Cloning, expression and characterization of a Family 48 exocellulase, Cel48A, from Thermobifida fusca

Abstract

The gene for a 104‐kDa exocellulase, Cel48A, formerly E6, was cloned from Thermobifida fusca into Escherichia coli and Streptomyces lividans. The DNA sequence revealed a type II cellulose‐binding domain at the N‐terminus, followed by a FNIII‐like domain and ending with a glycosyl hydrolase Family 48 catalytic domain. The enzyme and catalytic domain alone were each expressed in and purified from S. lividans and had very low catalytic activity on swollen cellulose, carboxymethyl cellulose, bacterial microcrystalline cellulose and filter paper. However, in synergistic assays on filter paper, the addition of Cel48A to a balanced mixture of T. fusca endocellulase and exocellulase increased the specific activity from 7.9 to 11.7 µmol cellobiose·min⁻¹·mL⁻¹, more than 15‐fold higher than any single enzyme alone.
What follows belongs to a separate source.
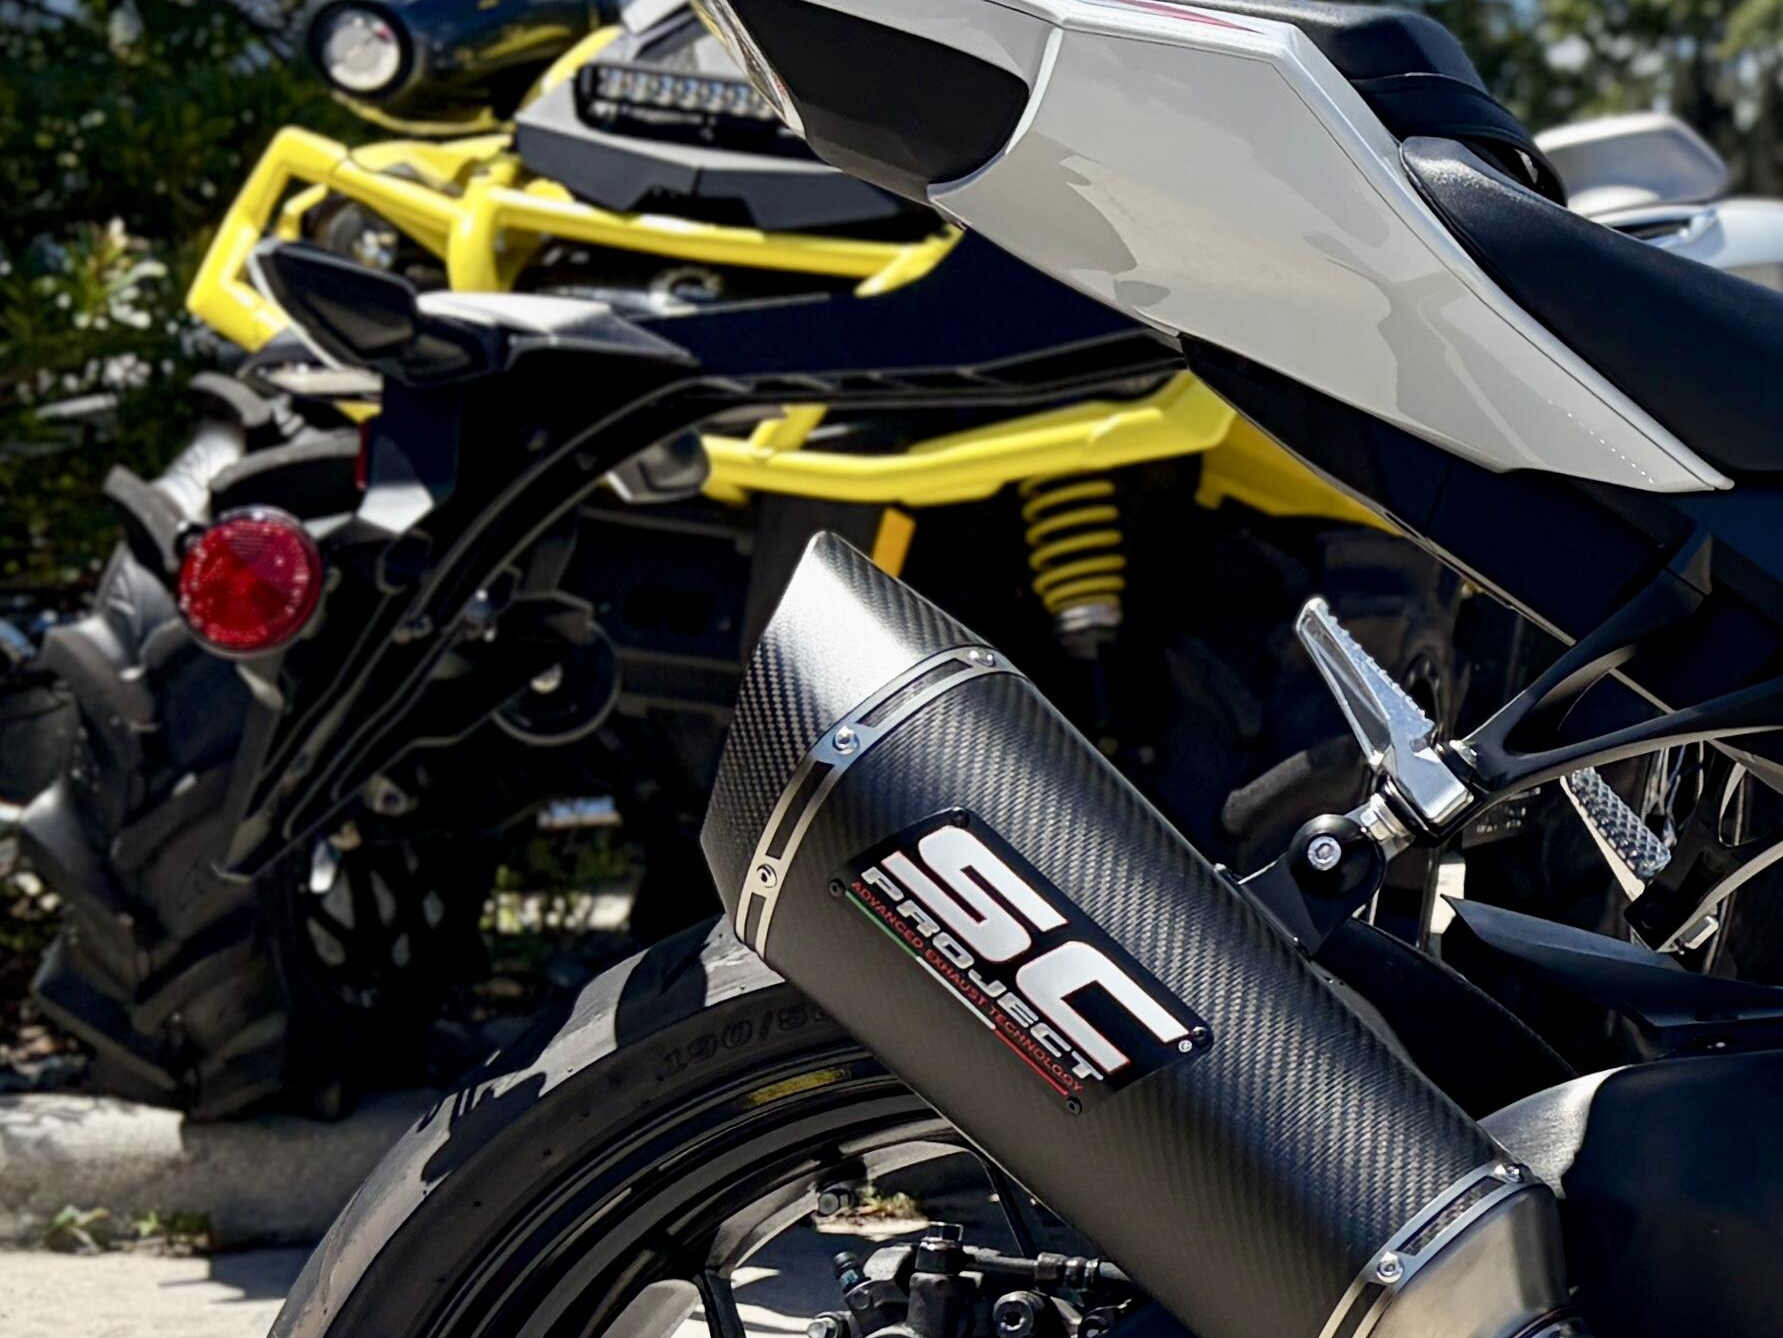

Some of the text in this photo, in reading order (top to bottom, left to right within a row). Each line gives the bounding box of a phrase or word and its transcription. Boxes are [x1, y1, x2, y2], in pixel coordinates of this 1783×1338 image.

[851, 880, 1085, 1095] ADVANCED EXHAUST TECHNOLOGY
[860, 865, 1105, 1082] PROJECT
[880, 823, 1190, 1076] SC
Cel48A retained > 50% of its maximum activity from pH 5 to 9 and from 40 to 60 °C. Using swiss model, the amino‐acid sequence of the Cel48Acd was modeled to the known structure of Clostridium cellulolyticum CelF. Family 48 enzymes are remarkably homologous at 35% identity for all their catalytic domains and some of the properties of the 10 members are discussed.